Referring expression grounding data
────────────────────

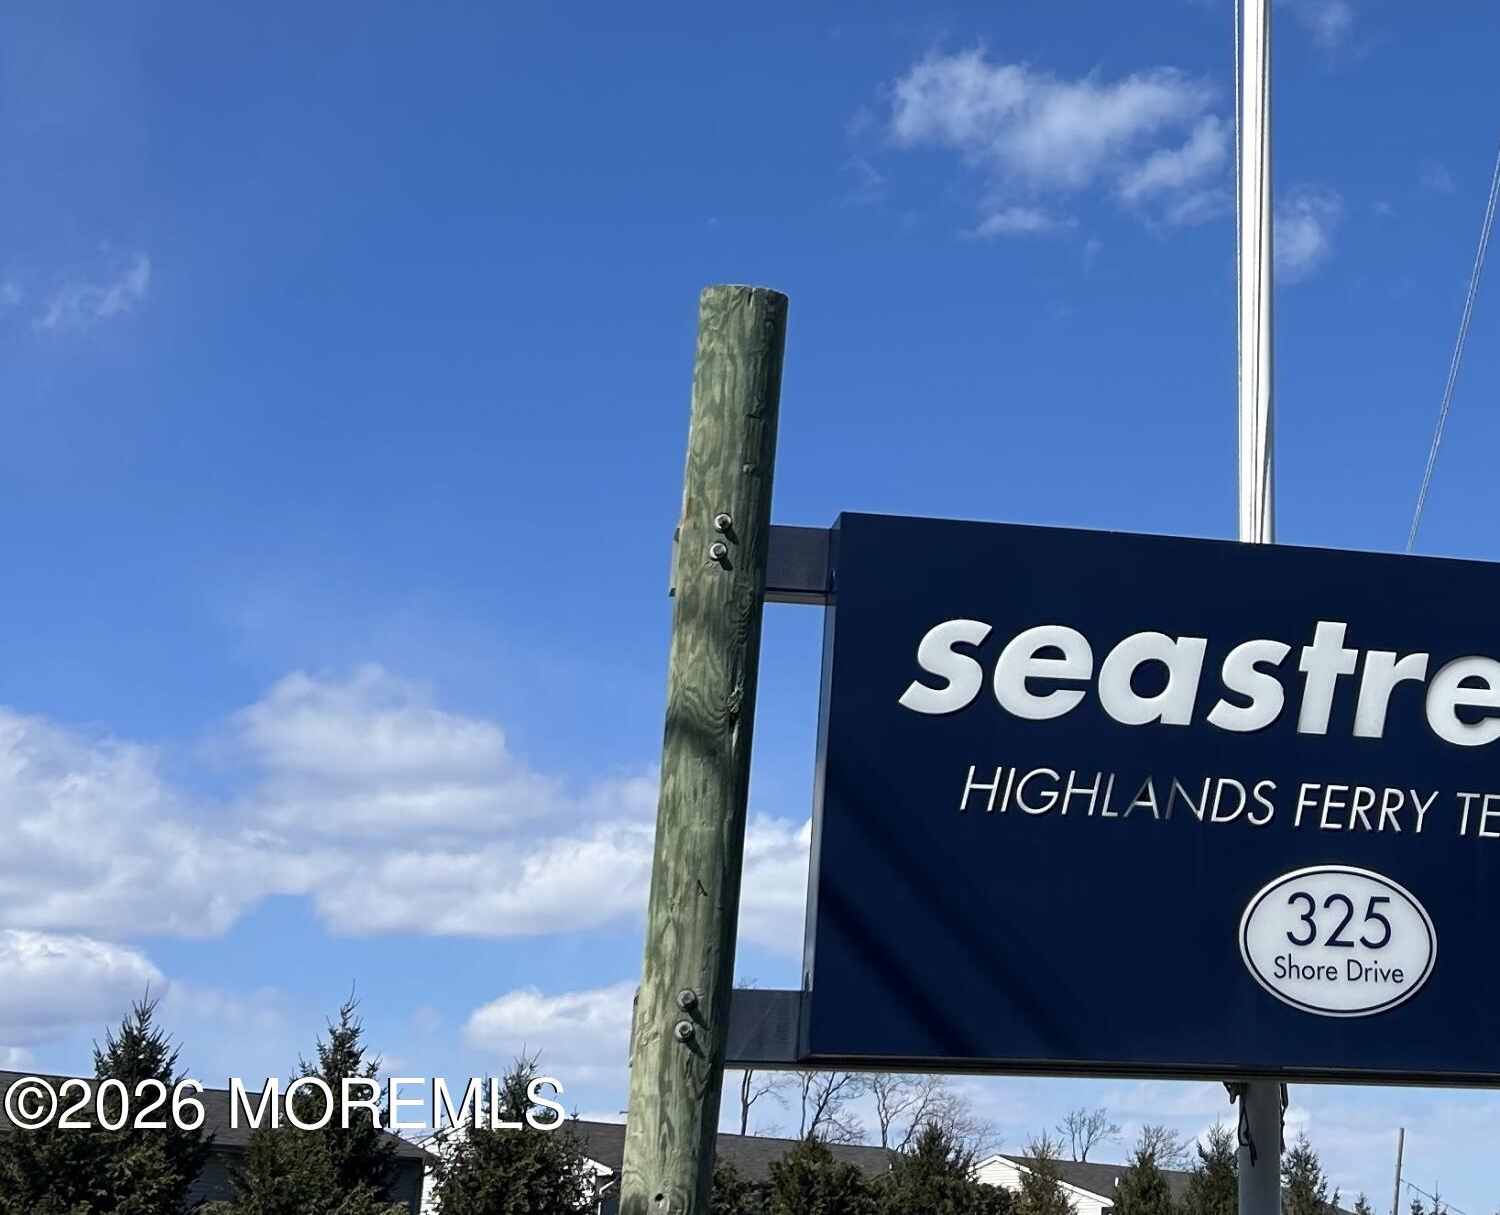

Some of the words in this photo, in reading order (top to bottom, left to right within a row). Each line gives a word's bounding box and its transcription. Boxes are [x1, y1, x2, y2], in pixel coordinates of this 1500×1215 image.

[959, 765, 1277, 827] HIGHLANDS
[1294, 783, 1439, 836] FERRY
[1286, 892, 1392, 949] 325
[1273, 954, 1338, 981] Shore
[1346, 958, 1404, 984] Drive

────────────────────

§ Work item
Reproduce each line above exactly, but not a single picture.

§ Task solution
Some of the words in this photo, in reading order (top to bottom, left to right within a row). Each line gives a word's bounding box and its transcription. Boxes are [x1, y1, x2, y2], in pixel coordinates of this 1500×1215 image.

[959, 765, 1277, 827] HIGHLANDS
[1294, 783, 1439, 836] FERRY
[1286, 892, 1392, 949] 325
[1273, 954, 1338, 981] Shore
[1346, 958, 1404, 984] Drive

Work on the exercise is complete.